Referring expression grounding data
■ ■ ■ ■
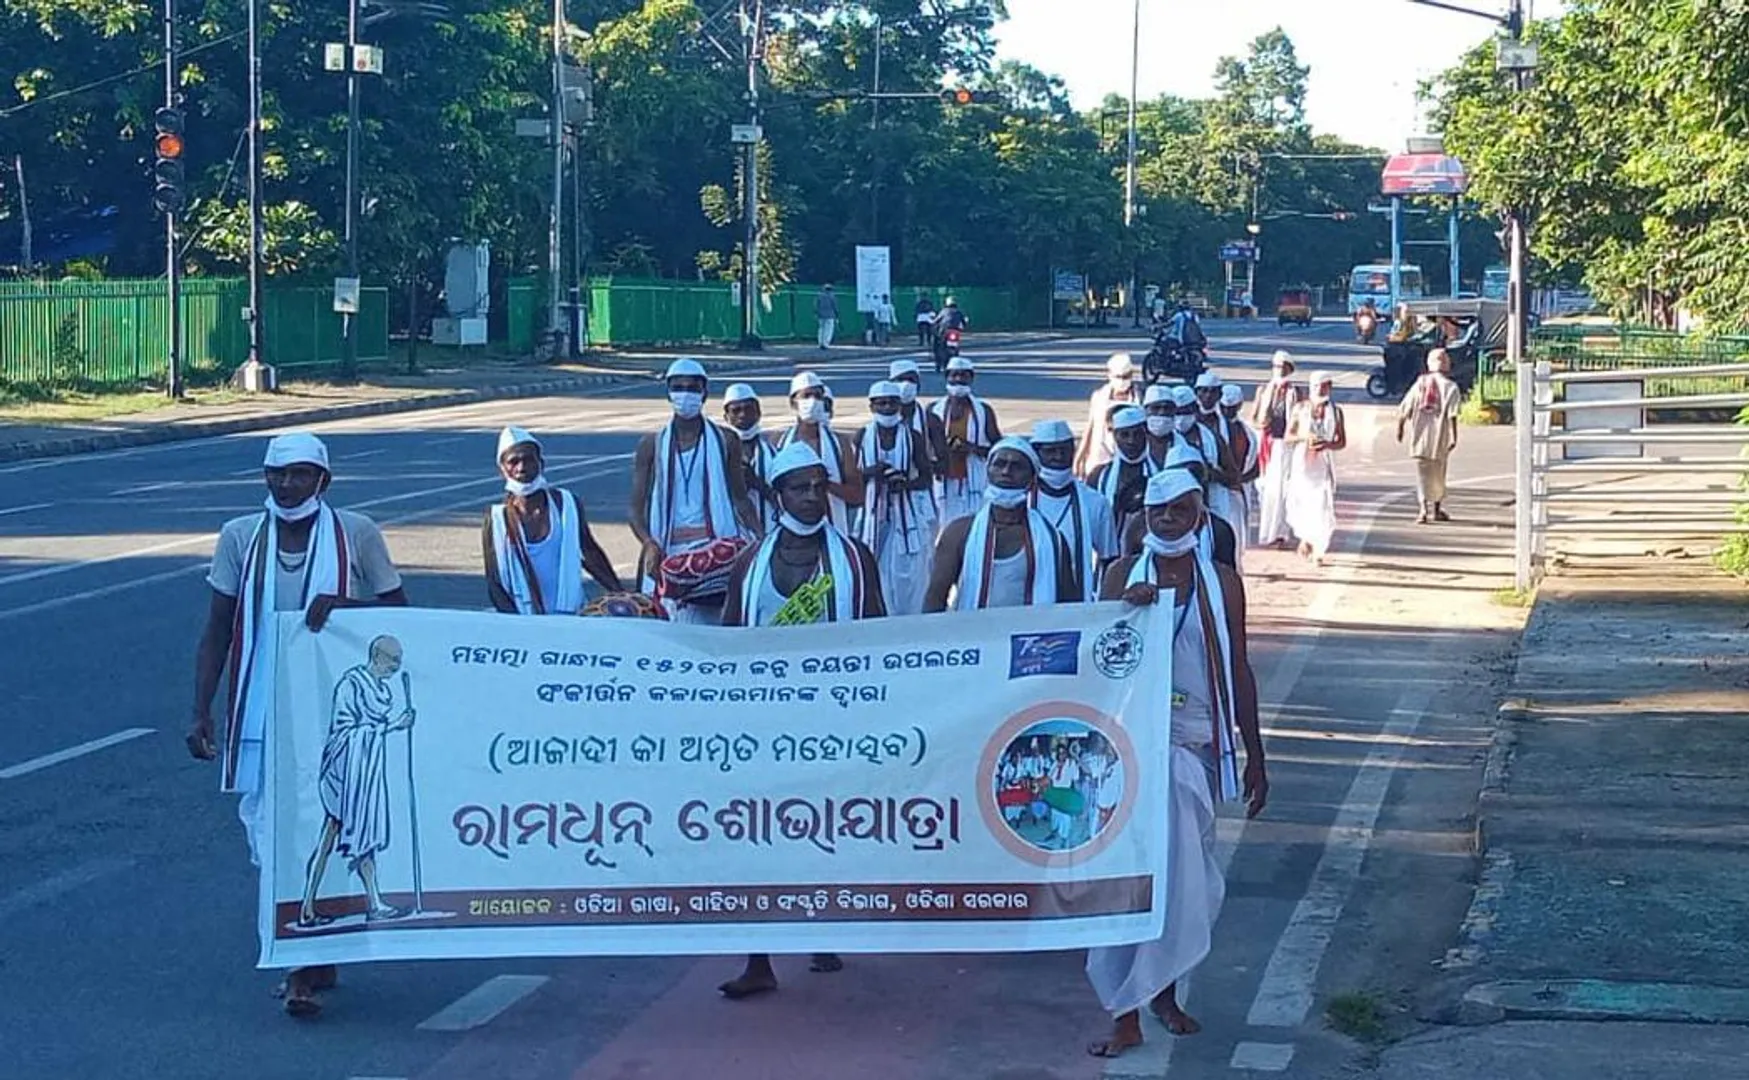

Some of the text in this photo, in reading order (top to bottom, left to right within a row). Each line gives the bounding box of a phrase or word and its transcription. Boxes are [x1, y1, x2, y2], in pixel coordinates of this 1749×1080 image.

[451, 645, 529, 668] ମହାତ୍ମା
[540, 651, 622, 669] ଗାନ୍ଧୀଙ୍କ
[636, 657, 737, 676] ୧୫୨ତମ
[749, 659, 789, 679] ଜନ୍ମ
[801, 655, 871, 675] ଜୟନ୍ତୀ
[648, 684, 819, 703] କଳାକାରମାନଙ୍କ
[488, 726, 928, 774] (ଆଜାଦୀ କା ଅମୃତ ମହୋତ୍ସବ)
[452, 795, 962, 868] ରାମଧୂନ୍ ଶୋଭାଯାତ୍ରା
[630, 895, 680, 915] ଭାଷା,
[689, 891, 749, 912] ସାହିତ୍ୟ
[756, 894, 770, 910] ଓ
[776, 889, 829, 917] ସଂସ୍କୃତି
[836, 889, 897, 913] ବିଭାଗ,
[962, 892, 1029, 909] ସରକାର
■ ■ ■ ■
In the copy, no pictures should appear; the records themselves must be repeated exactly.

Some of the text in this photo, in reading order (top to bottom, left to right within a row). Each line gives the bounding box of a phrase or word and its transcription. Boxes are [x1, y1, x2, y2], in pixel coordinates of this 1749×1080 image.

[451, 645, 529, 668] ମହାତ୍ମା
[540, 651, 622, 669] ଗାନ୍ଧୀଙ୍କ
[636, 657, 737, 676] ୧୫୨ତମ
[749, 659, 789, 679] ଜନ୍ମ
[801, 655, 871, 675] ଜୟନ୍ତୀ
[648, 684, 819, 703] କଳାକାରମାନଙ୍କ
[488, 726, 928, 774] (ଆଜାଦୀ କା ଅମୃତ ମହୋତ୍ସବ)
[452, 795, 962, 868] ରାମଧୂନ୍ ଶୋଭାଯାତ୍ରା
[630, 895, 680, 915] ଭାଷା,
[689, 891, 749, 912] ସାହିତ୍ୟ
[756, 894, 770, 910] ଓ
[776, 889, 829, 917] ସଂସ୍କୃତି
[836, 889, 897, 913] ବିଭାଗ,
[962, 892, 1029, 909] ସରକାର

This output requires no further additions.